*How to complete this task*
All records must be quoted exactly. Omit the pictures.

-- Opening Marker --

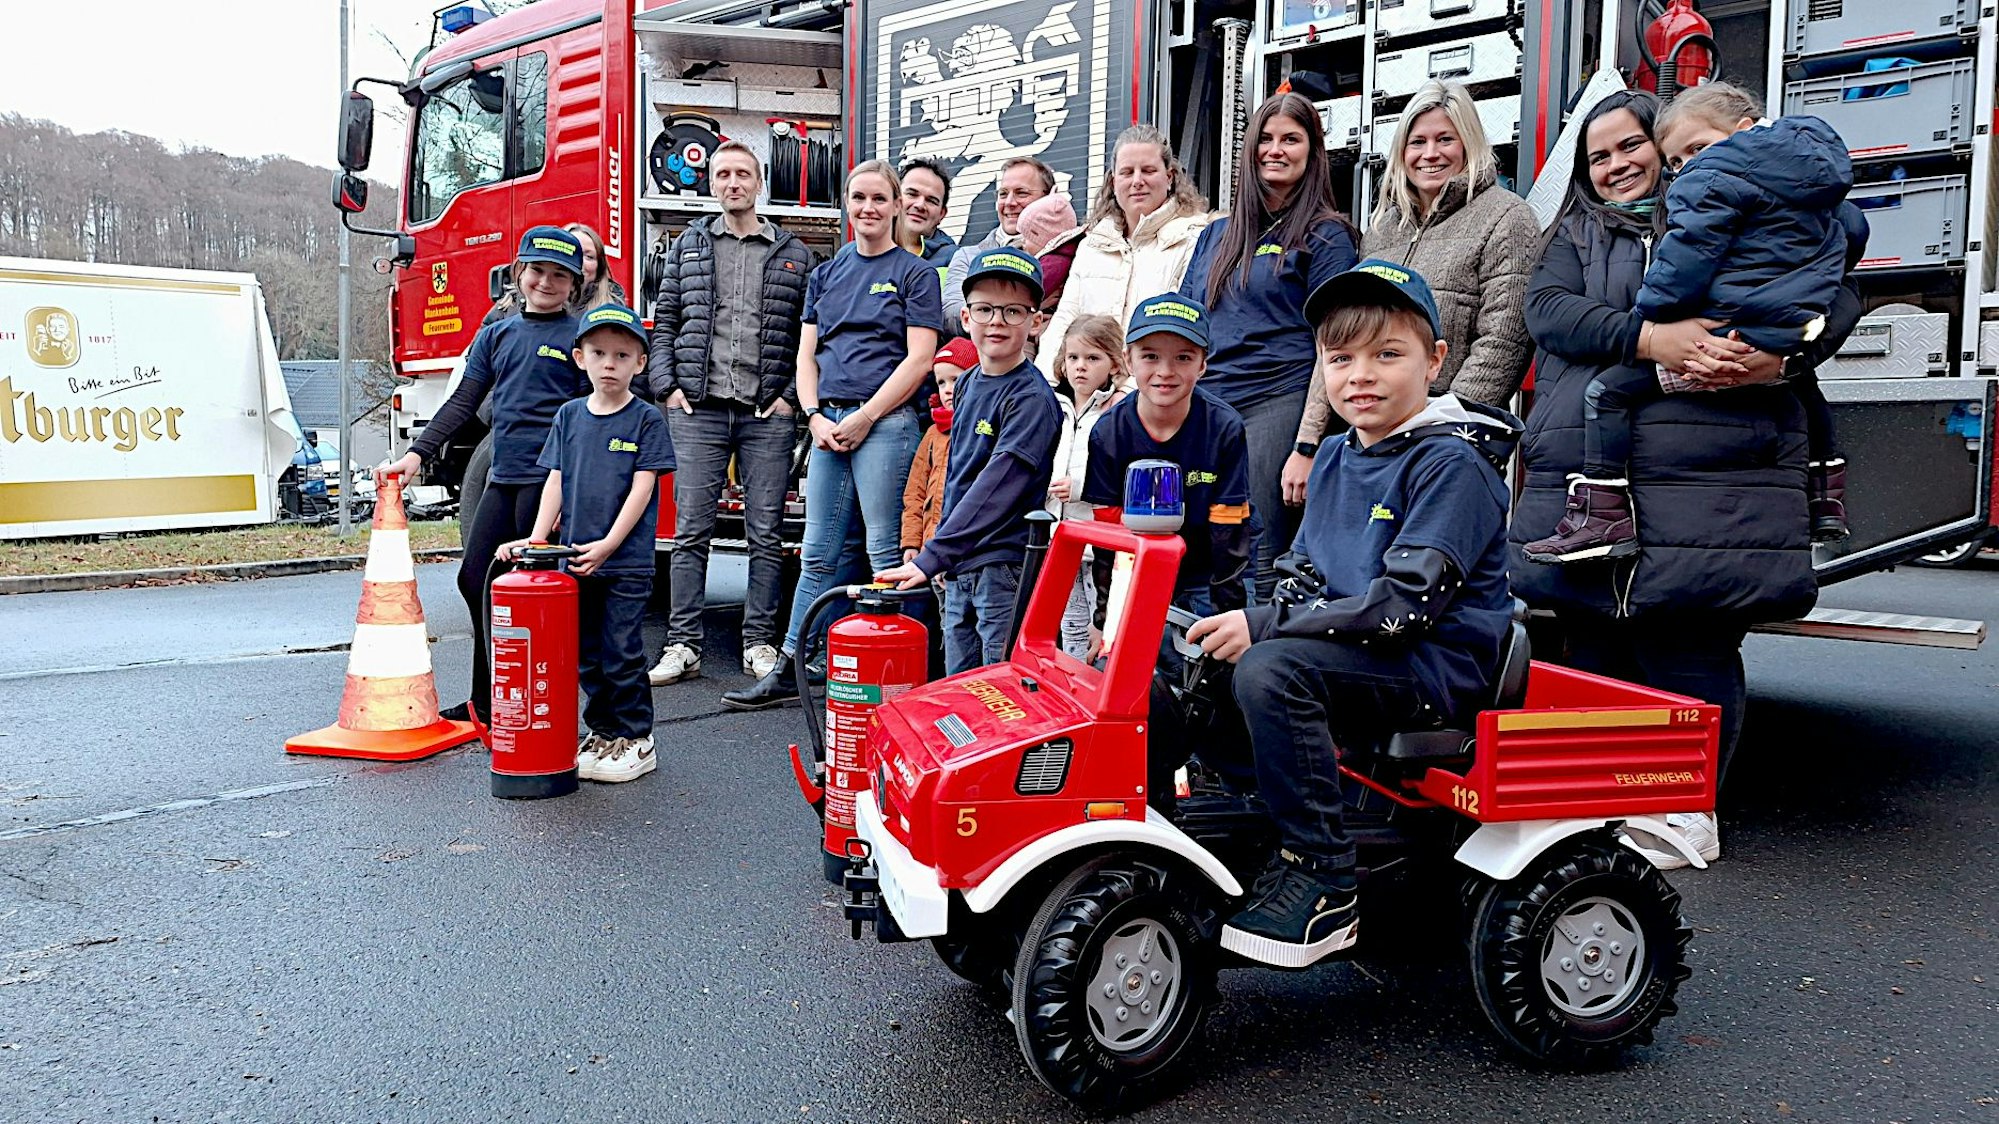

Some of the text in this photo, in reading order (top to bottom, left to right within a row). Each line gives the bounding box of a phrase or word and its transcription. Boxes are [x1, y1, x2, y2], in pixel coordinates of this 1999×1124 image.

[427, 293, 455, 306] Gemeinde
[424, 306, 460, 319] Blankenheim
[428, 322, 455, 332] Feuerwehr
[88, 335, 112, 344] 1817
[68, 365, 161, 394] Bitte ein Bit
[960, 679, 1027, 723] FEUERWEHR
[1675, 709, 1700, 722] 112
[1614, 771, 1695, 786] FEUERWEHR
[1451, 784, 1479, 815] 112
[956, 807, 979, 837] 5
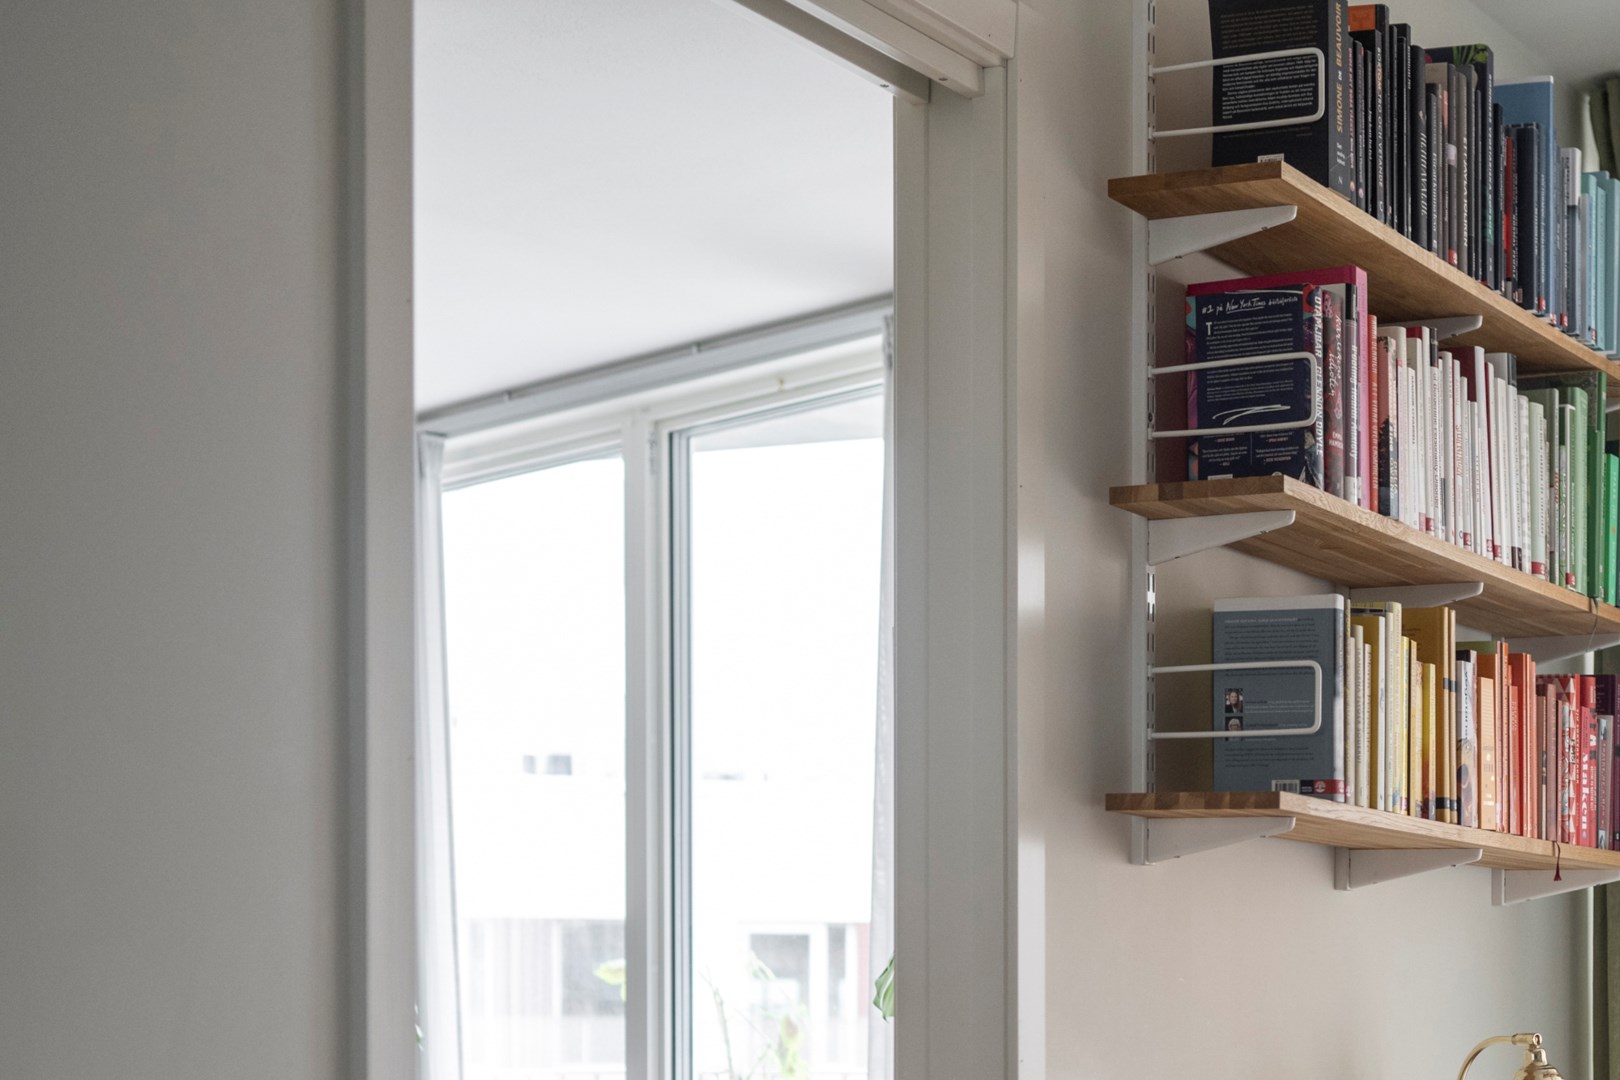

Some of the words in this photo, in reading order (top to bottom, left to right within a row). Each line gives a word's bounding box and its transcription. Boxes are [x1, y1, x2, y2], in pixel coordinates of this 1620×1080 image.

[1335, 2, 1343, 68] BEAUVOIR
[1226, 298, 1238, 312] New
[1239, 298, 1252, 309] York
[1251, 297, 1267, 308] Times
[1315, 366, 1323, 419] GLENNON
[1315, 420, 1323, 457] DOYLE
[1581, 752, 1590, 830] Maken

-- Closing Marker --

*Result*
Some of the text in this photo, in reading order (top to bottom, left to right within a row). Each line gives the bounding box of a phrase or word and its transcription. Boxes are [x1, y1, x2, y2], in pixel coordinates of this 1999×1124 image.

[427, 293, 455, 306] Gemeinde
[424, 306, 460, 319] Blankenheim
[428, 322, 455, 332] Feuerwehr
[88, 335, 112, 344] 1817
[68, 365, 161, 394] Bitte ein Bit
[960, 679, 1027, 723] FEUERWEHR
[1675, 709, 1700, 722] 112
[1614, 771, 1695, 786] FEUERWEHR
[1451, 784, 1479, 815] 112
[956, 807, 979, 837] 5

Some of the words in this photo, in reading order (top to bottom, left to right within a row). Each line gives a word's bounding box and its transcription. Boxes are [x1, y1, x2, y2], in pixel coordinates of this 1620×1080 image.

[1335, 2, 1343, 68] BEAUVOIR
[1226, 298, 1238, 312] New
[1239, 298, 1252, 309] York
[1251, 297, 1267, 308] Times
[1315, 366, 1323, 419] GLENNON
[1315, 420, 1323, 457] DOYLE
[1581, 752, 1590, 830] Maken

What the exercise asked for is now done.